(Phrase grounding data)
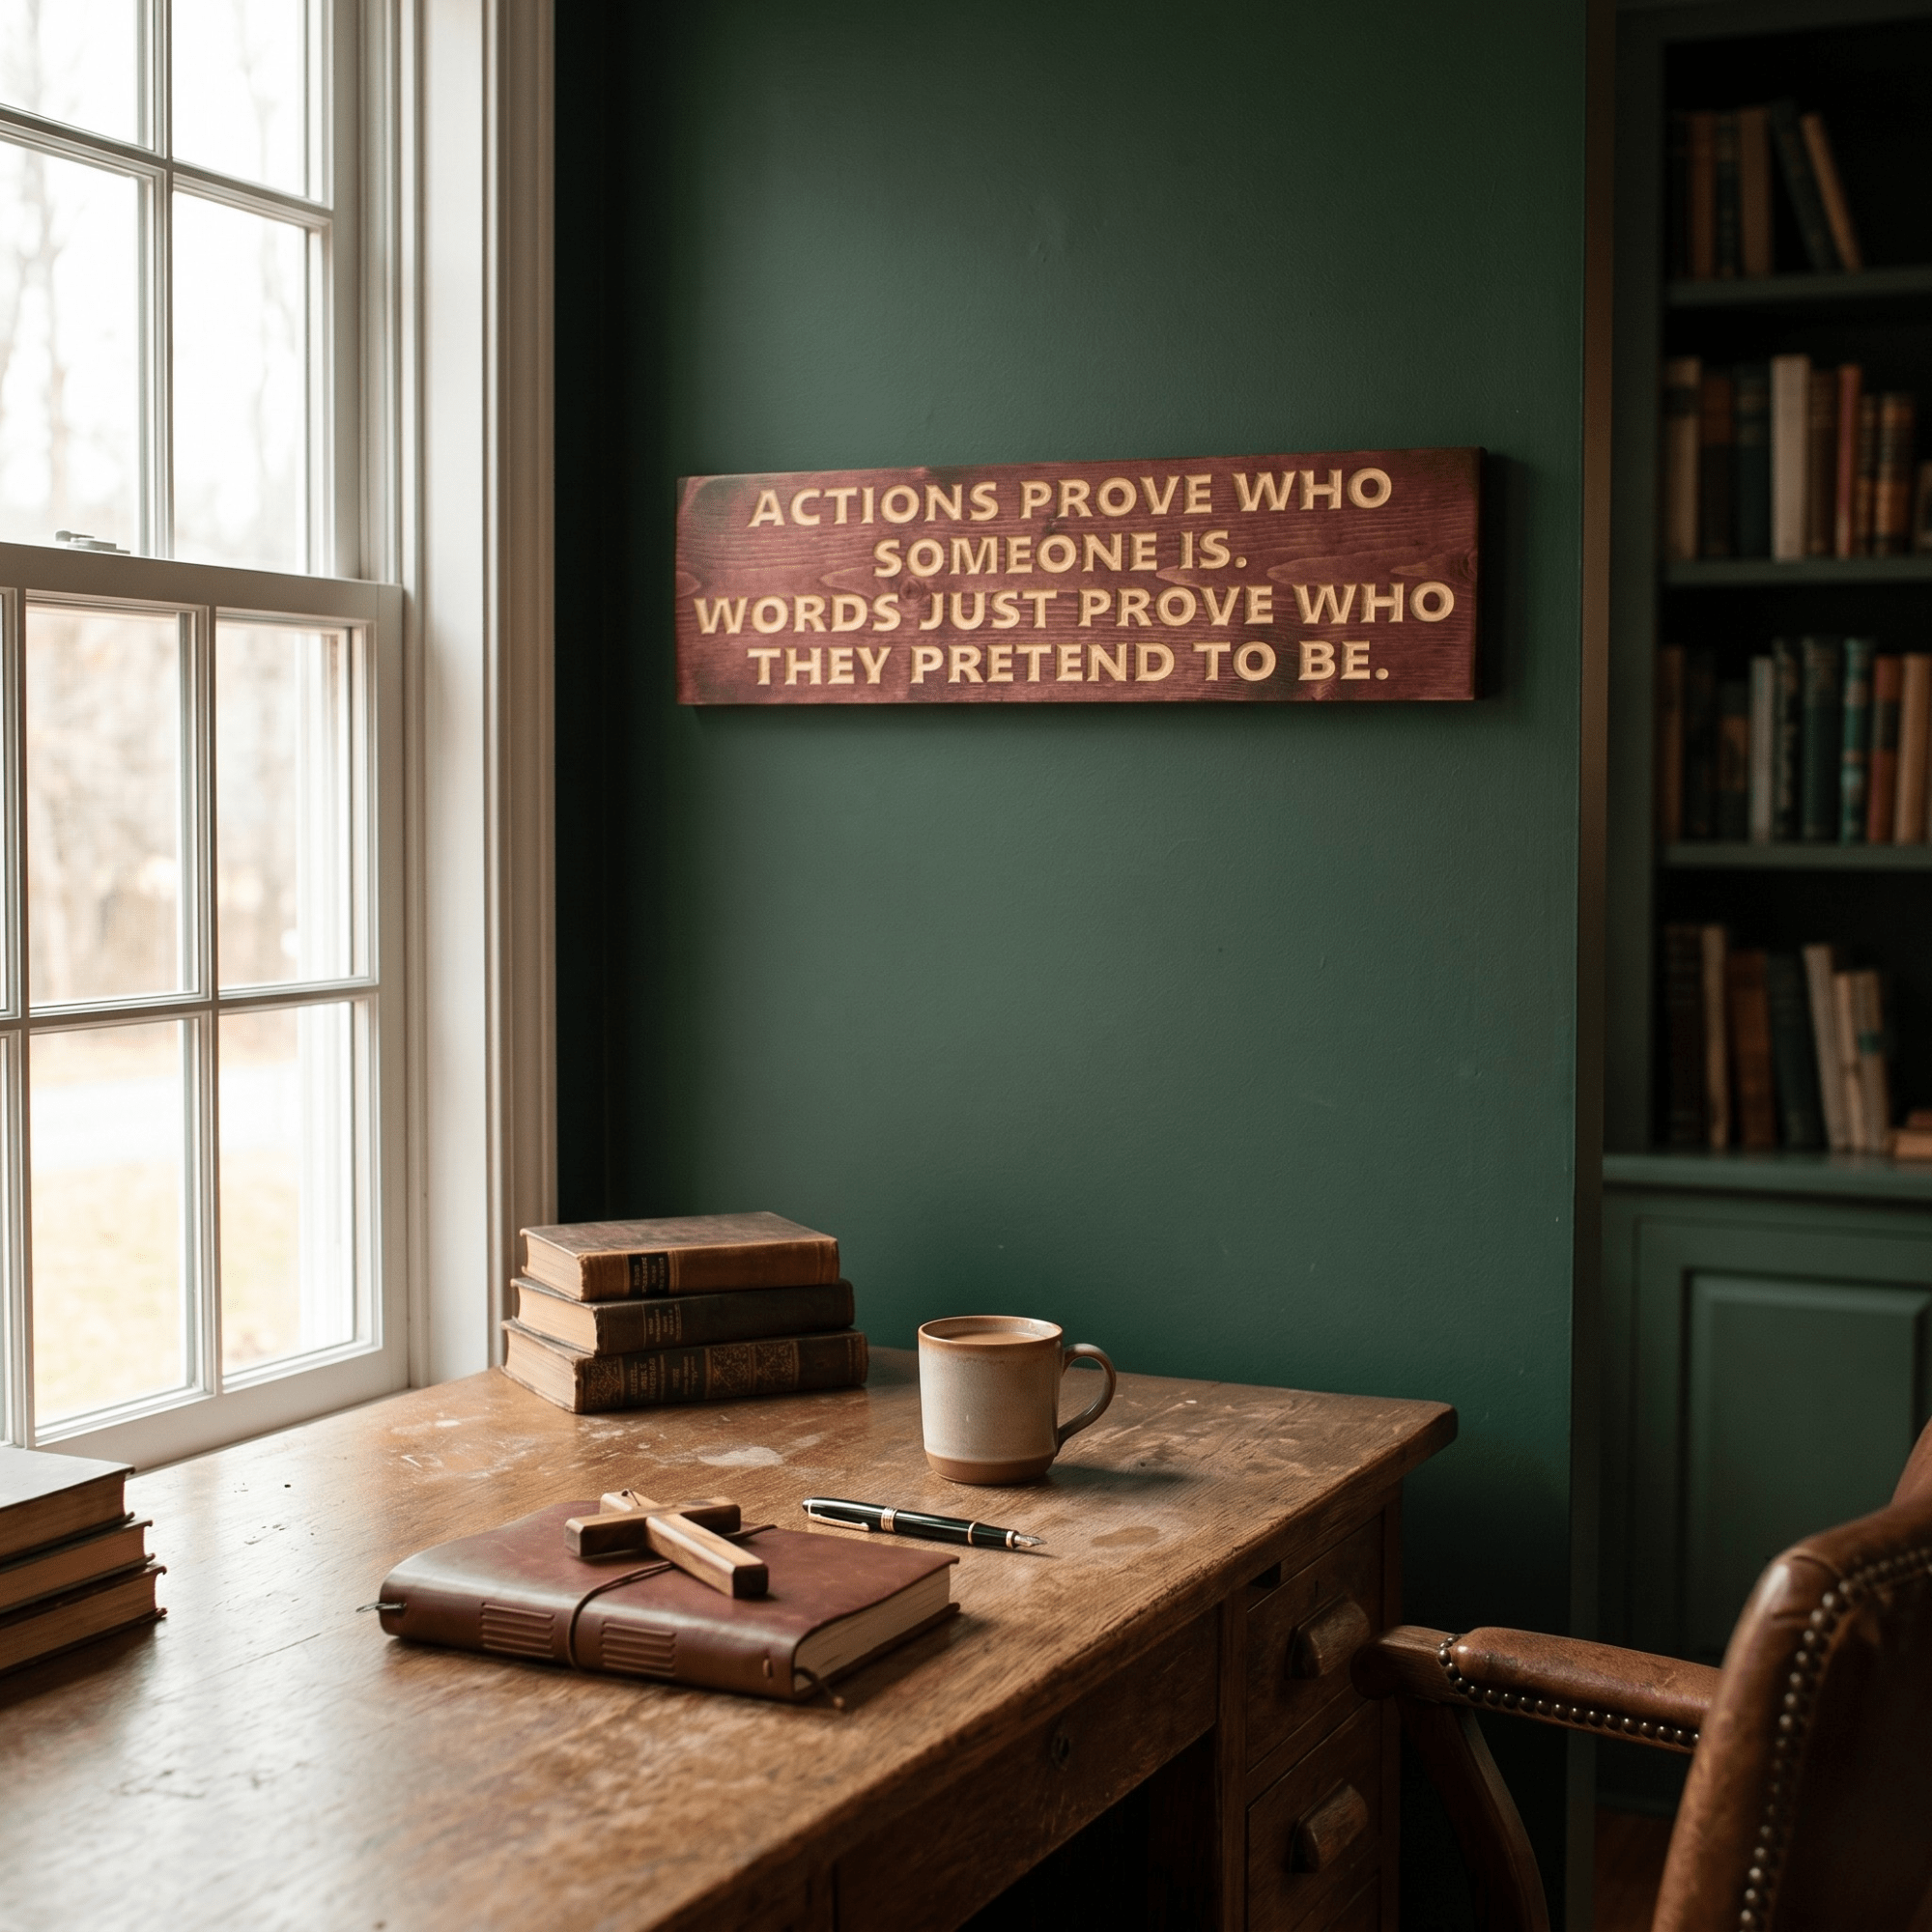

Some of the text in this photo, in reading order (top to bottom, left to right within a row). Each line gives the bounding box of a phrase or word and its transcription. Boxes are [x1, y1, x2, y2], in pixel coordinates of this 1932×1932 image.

[748, 468, 1393, 528] ACTIONS PROVE WHO
[873, 529, 1248, 578] SOMEONE IS.
[694, 581, 1456, 635] WORDS JUST PROVE WHO
[748, 639, 1390, 687] THEY PRETEND TO BE.
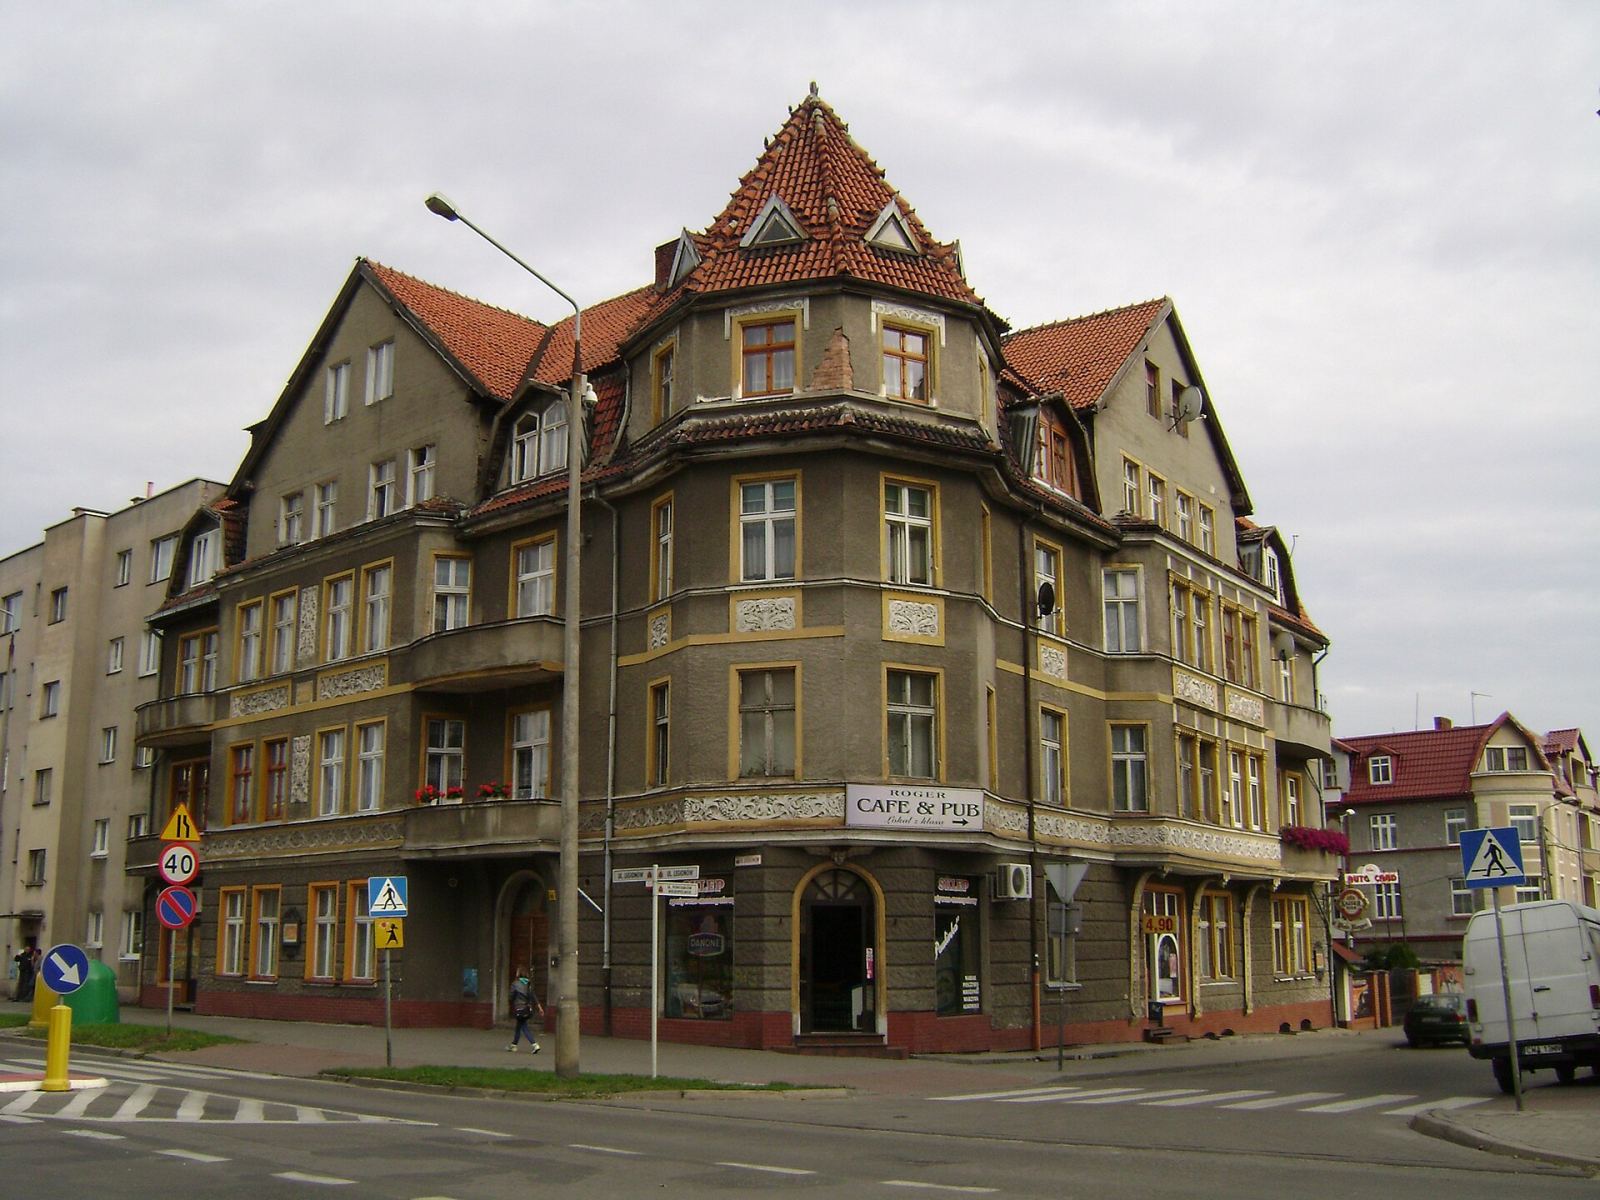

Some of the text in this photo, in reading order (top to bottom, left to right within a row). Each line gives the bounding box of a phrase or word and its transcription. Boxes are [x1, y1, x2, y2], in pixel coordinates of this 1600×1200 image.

[890, 789, 946, 798] ROGER
[857, 798, 980, 817] CAFE & PUB
[165, 854, 192, 874] 40
[938, 878, 969, 892] SKLEP
[1347, 875, 1370, 883] AUTO
[1146, 918, 1173, 931] 4.90
[690, 938, 720, 947] DANONE
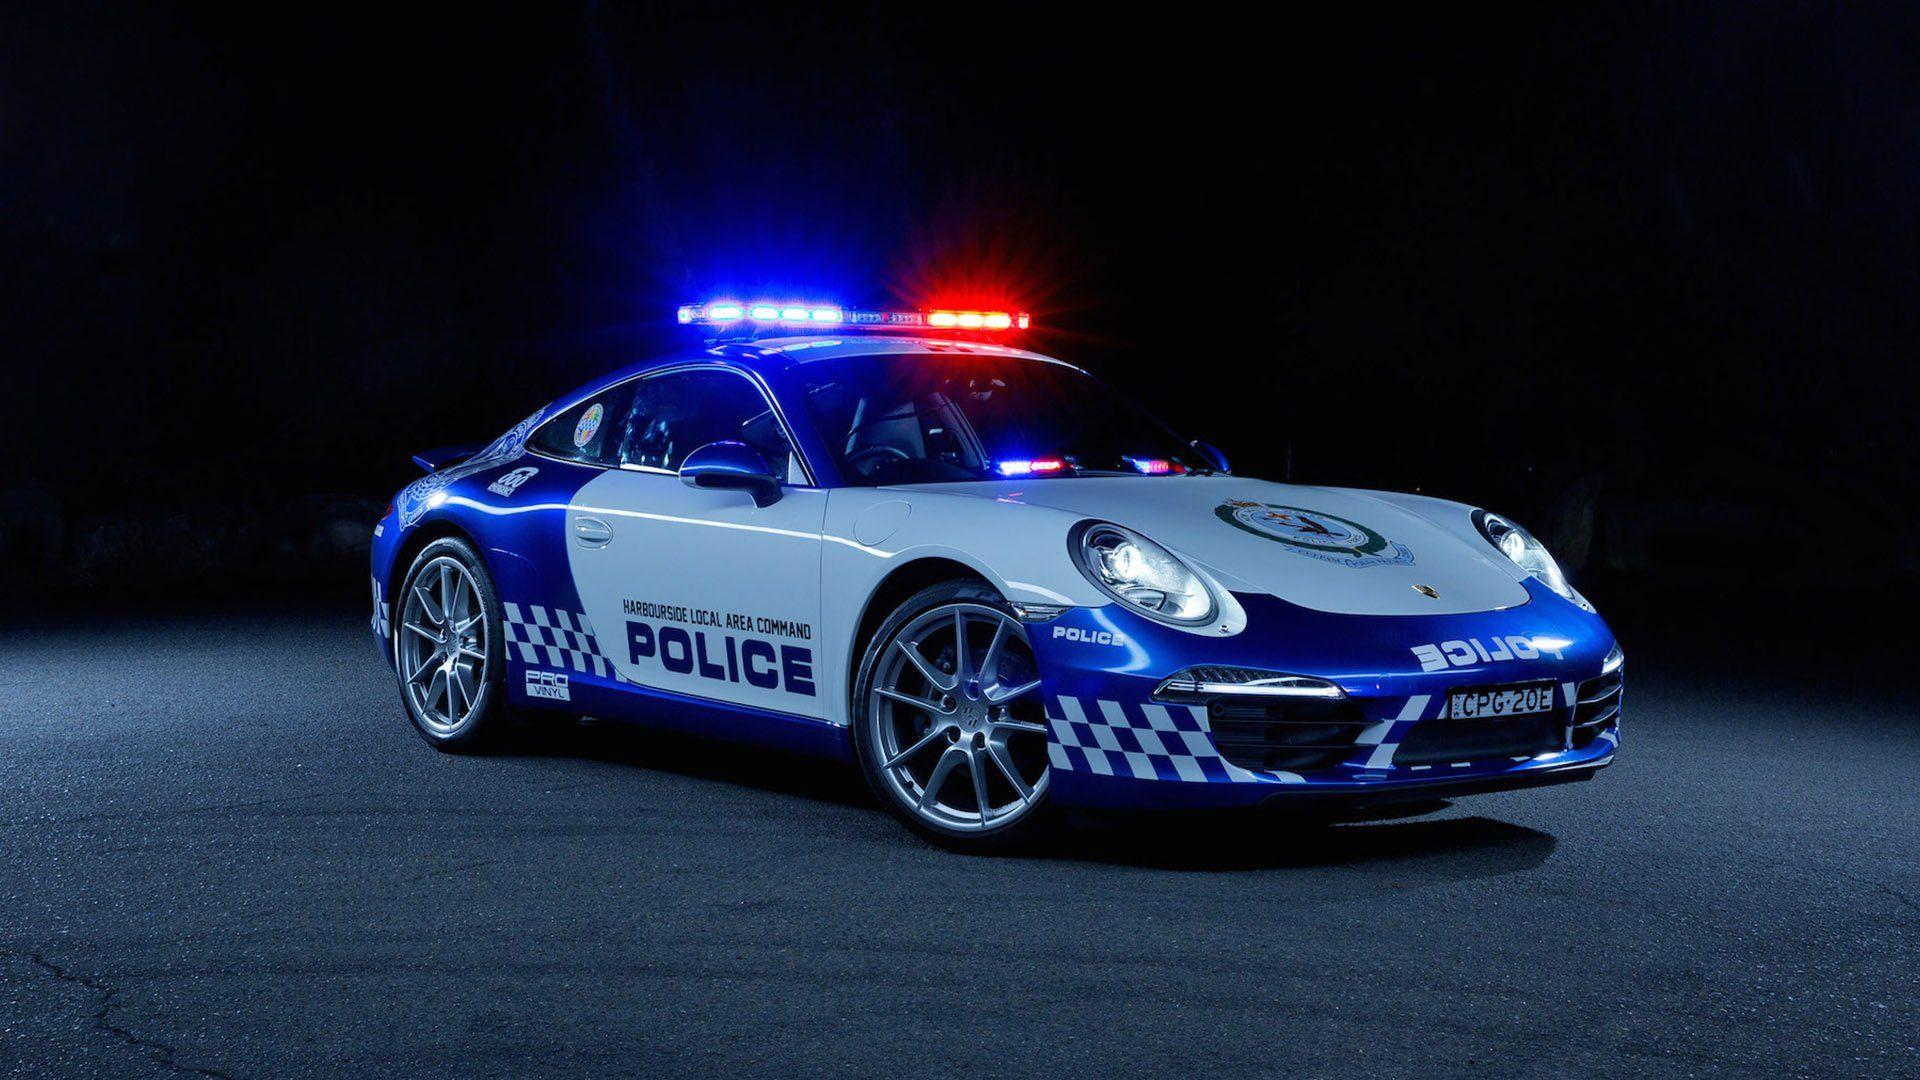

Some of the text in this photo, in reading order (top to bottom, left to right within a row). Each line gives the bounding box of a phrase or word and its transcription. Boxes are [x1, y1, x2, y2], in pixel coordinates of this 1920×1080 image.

[623, 599, 812, 640] HARBOURSIDE LOCAL AREA COMMAND
[1053, 626, 1125, 647] POLICE
[626, 620, 816, 697] POLICE
[526, 670, 569, 688] PRO
[533, 685, 565, 699] VINYL

# What is expected
In the entries above, find the line with "this 1920×1080 image.", then retype it and every line after it exactly.

# Problem solution
Some of the text in this photo, in reading order (top to bottom, left to right within a row). Each line gives the bounding box of a phrase or word and its transcription. Boxes are [x1, y1, x2, y2], in pixel coordinates of this 1920×1080 image.

[623, 599, 812, 640] HARBOURSIDE LOCAL AREA COMMAND
[1053, 626, 1125, 647] POLICE
[626, 620, 816, 697] POLICE
[526, 670, 569, 688] PRO
[533, 685, 565, 699] VINYL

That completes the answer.